Moreover, during the training process of the model, the weight matrix W is initialized with the fan-in rule $W_{i, j}\sim \left[ -\frac{1}{\sqrt{n}} , \frac{1}{\sqrt{n}}\right] $, and W is then optimized by stochastic gradient descent (SGD), where the mini-batch size is 35. SGD is an effective method for training deep networks and SGD variants can obtain state-of-the-art performance. SGD minimizes the loss by optimizing the network parameter W:

$$\begin{aligned} W = \begin{matrix} { argmin}\\ W \end{matrix} \frac{1}{N}\sum ^N_{i=1}l(x_i , W), \end{aligned}$$

(12)

where $x_{1}, x_{2},\ldots ,x_{N}$ are the elements in the training data set. And we will consider a mini-batch $x_{1}, x_{2},\ldots ,x_{M}$ of size M at each step of using SGD. The mini-batch is used to approximate the gradient of the loss function with respect to the parameters by computing:

$$\begin{aligned} \frac{1}{M} \frac{\partial l(x_{i}, W)}{\partial W}, \end{aligned}$$

(13)

The process employed of updating W is as follows:

$$\begin{aligned} W' = W - \frac{\gamma }{M}\sum ^M_{i=1}\frac{\partial l\left( x_{i}, W\right) }{\partial W}, \end{aligned}$$

(14)

where $\gamma $ is the learning rate.

4 Experiments

4.1 Data Sets

We use three popular data sets in our experiments: Filmtrust, Epinions, and Douban. The Filmtrust data set contains 35,497 ratings for 2071 movies provided by 1508 users according to a ratings range from 0 to 4. This data set also includes 1853 trusted relationships provided by 609 users. The Epinions data set contains 40,289 users and 139,738 movies. The total number of movie ratings is 662,824 and there are 487,183 claimed social relationships. The Douban data set contains 129,490 users and 58,541 movies. The total number of movie ratings is 16,830,839 and there are 1,692,952 claimed social relationships. The statistics for these data sets are shown in Table 1.

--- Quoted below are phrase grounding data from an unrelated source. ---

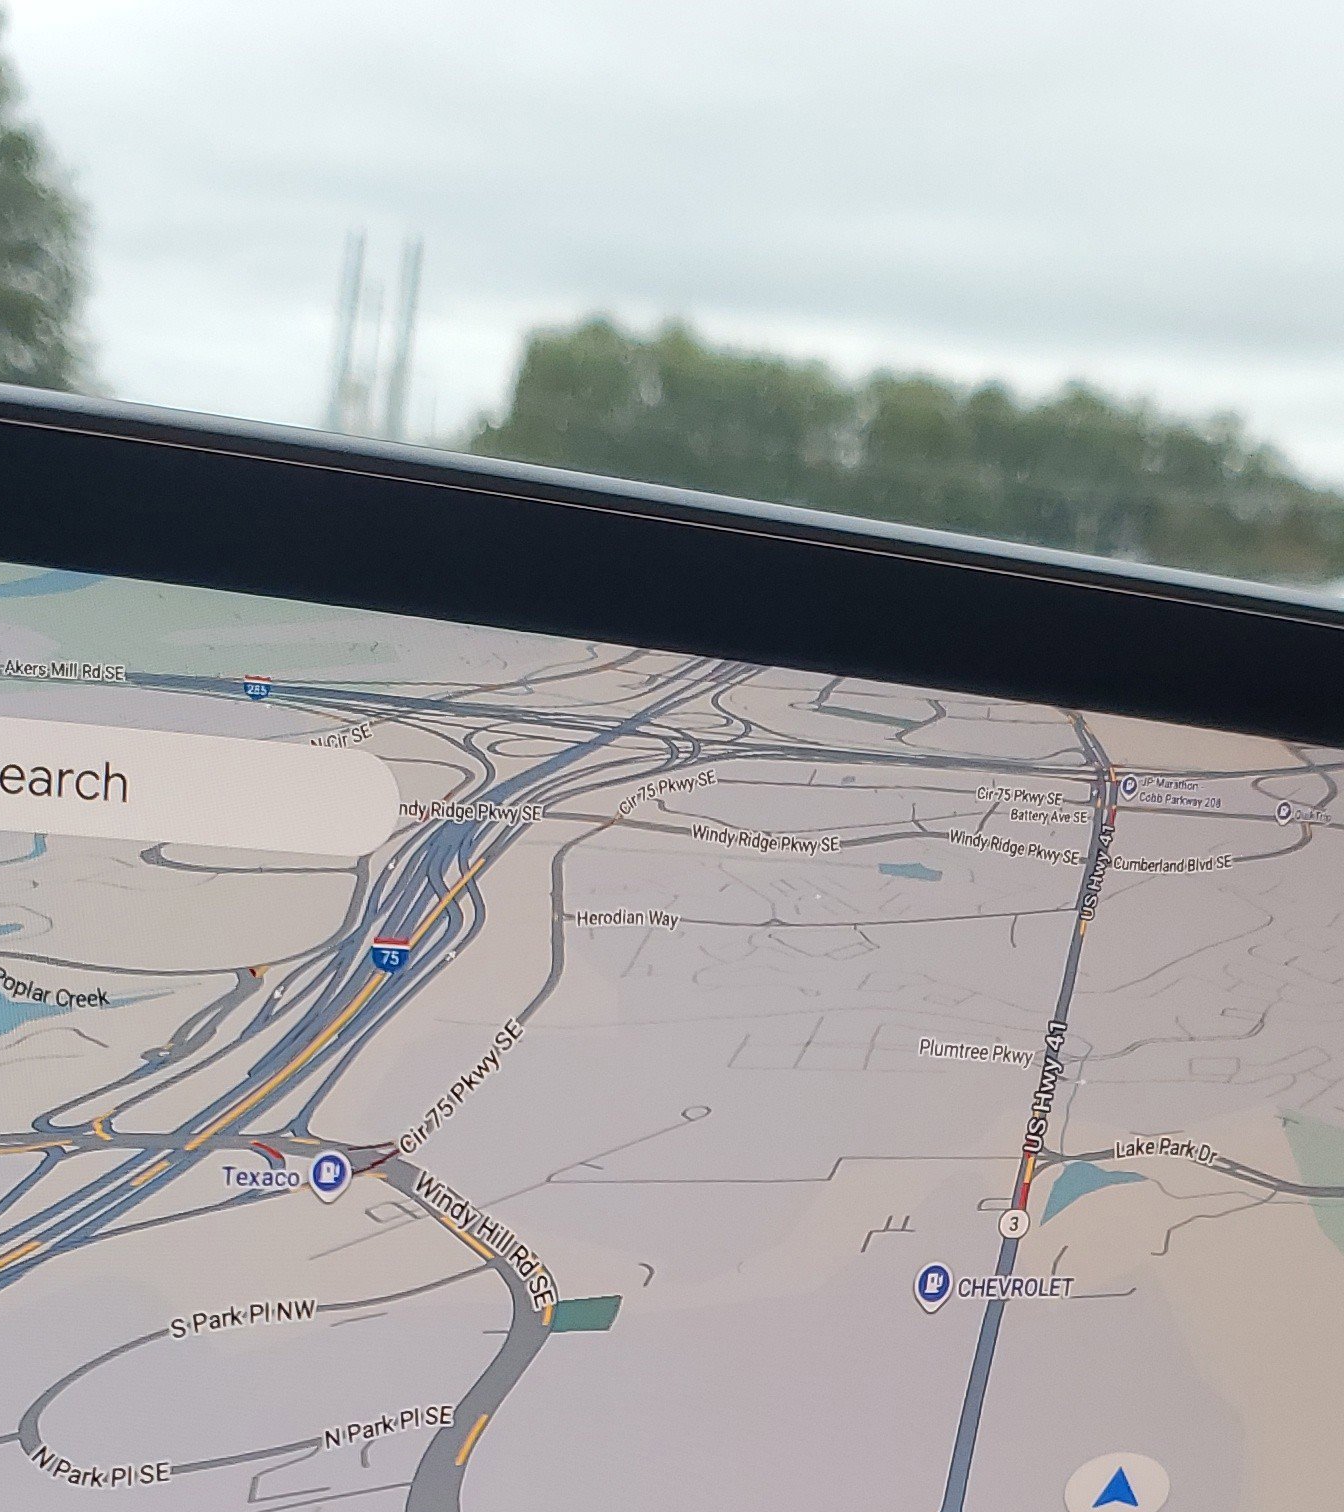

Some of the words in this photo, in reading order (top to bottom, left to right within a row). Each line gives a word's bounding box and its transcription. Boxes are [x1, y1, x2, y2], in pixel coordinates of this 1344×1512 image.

[5, 659, 47, 678] Akers
[51, 661, 77, 678] Mill
[82, 663, 103, 679] Rd
[104, 665, 124, 681] SE
[352, 723, 372, 743] SE
[619, 795, 637, 816] Cir
[658, 774, 697, 795] Pkwy
[697, 770, 716, 787] SE
[1014, 790, 1044, 805] Pkwy
[1047, 792, 1063, 805] SE
[431, 801, 474, 821] Ridge
[478, 803, 519, 824] Pkwy
[521, 805, 542, 822] SE
[1010, 809, 1048, 824] Battery
[1051, 811, 1070, 822] Ave
[1073, 812, 1088, 823] SE
[692, 825, 737, 847] Windy
[739, 831, 778, 852] Ridge
[781, 836, 817, 856] Pkwy
[820, 837, 840, 852] SE
[949, 830, 988, 849] Windy
[990, 837, 1025, 857] Ridge
[1027, 843, 1060, 863] Pkwy
[1062, 851, 1079, 865] SE
[1099, 825, 1115, 847] 41
[1088, 851, 1112, 891] Hwy
[1113, 855, 1184, 873] Cumberland
[1187, 857, 1213, 872] Blvd
[1216, 855, 1232, 868] SE
[1081, 894, 1099, 920] US
[577, 909, 643, 927] Herodian
[648, 911, 680, 931] Way
[381, 950, 400, 965] 75
[55, 986, 111, 1009] Creek
[1047, 1020, 1067, 1053] 41
[919, 1040, 988, 1061] Plumtree
[992, 1043, 1033, 1068] Pkwy
[399, 1124, 430, 1156] Cir
[425, 1095, 455, 1131] 75
[449, 1048, 503, 1104] Pkwy
[494, 1019, 524, 1052] SE
[1033, 1055, 1061, 1113] Hwy
[1023, 1117, 1047, 1153] US
[1115, 1139, 1155, 1159] Lake
[1158, 1139, 1196, 1160] Park
[1197, 1144, 1218, 1164] Dr
[222, 1166, 300, 1187] Texaco
[1009, 1217, 1019, 1232] 3
[414, 1171, 477, 1231] Windy
[477, 1214, 516, 1256] Hill
[513, 1244, 543, 1280] Rd
[528, 1274, 555, 1309] SE
[957, 1277, 1074, 1298] CHEVROLET
[170, 1317, 188, 1339] S
[192, 1307, 245, 1336] Park
[249, 1303, 271, 1323] Pl
[275, 1299, 317, 1321] NW
[323, 1428, 341, 1451] N
[346, 1414, 397, 1444] Park
[400, 1409, 421, 1432] Pl
[424, 1404, 454, 1427] SE
[33, 1445, 55, 1474] N
[52, 1457, 107, 1489] Park
[112, 1464, 134, 1489] Pl
[138, 1460, 172, 1486] SE

Table 1 Data set statistics

Full size table

4.2 Comparisons

We focus on the CF problem, so it is reasonable to compare our proposed models with other methods for rating prediction tasks, such as TrustSVD and DAE. Thus, we select several state-of-the-art algorithms to compare and evaluate our models. Brief descriptions of the baseline models are given as follows:

SVD++ [8]. This algorithm predicts ratings based on the users history browsing data and history ratings as implicit feedback by employing SVD.
TrustSVD [9]. This is a simple and widely used algorithm for rating prediction. Explicit trust information is added to SVD++ to obtain more accurate predictions.
Probabilistic matrix factorization (PMF) [34]. PMF employs a probabilistic model based on Regularized MF for further optimization. It can predict unknown values of the ratings matrix based on the user and the item feature matrices.
TrustMF [35]. The TrustMF algorithm adds trust information based on MF to improve the performance of the model.
DAE [18]. DAE improves the accuracy of predicting ratings with the classical autoencoder by adding noise to the input data. In addition, this DAE refers to the model for rating prediction in 2016 [25].

4.3 Evaluation Metrics

Two evaluation metrics are used to measure the performance of our proposed models: mean absolute error (MAE) and root mean squared error (RMSE). When the values of the these two evaluation indicators are smaller, the performance of models is better. For a user i, the real rating on item k is $r_{i,k}$, the predicted rating is $\hat{r}_{i,k}$, and T is the number of ratings in the test set.

MAE is defined as:
$$\begin{aligned} { MAE}=\frac{\sum _{i,k}|r_{i,k}-{{\hat{r}}_{i,k}}|}{T}, \end{aligned}$$
(15)
RMSE is defined as:
$$\begin{aligned} { RMSE}=\sqrt{\frac{\sum _{i,k}{\left( r_{i,k}-{{\hat{r}}_{i,k}}\right) ^2}}{T}}. \end{aligned}$$
(16)

4.4 Implementation Details

We consider three data sets to provide the implementation details in our experiments. Two main types of parameters can affect the performance of models: the parameter used to partition the data set and the parameters employed in the training process of the model. Thus, we explain the impact of each parameter in the following paragraphs.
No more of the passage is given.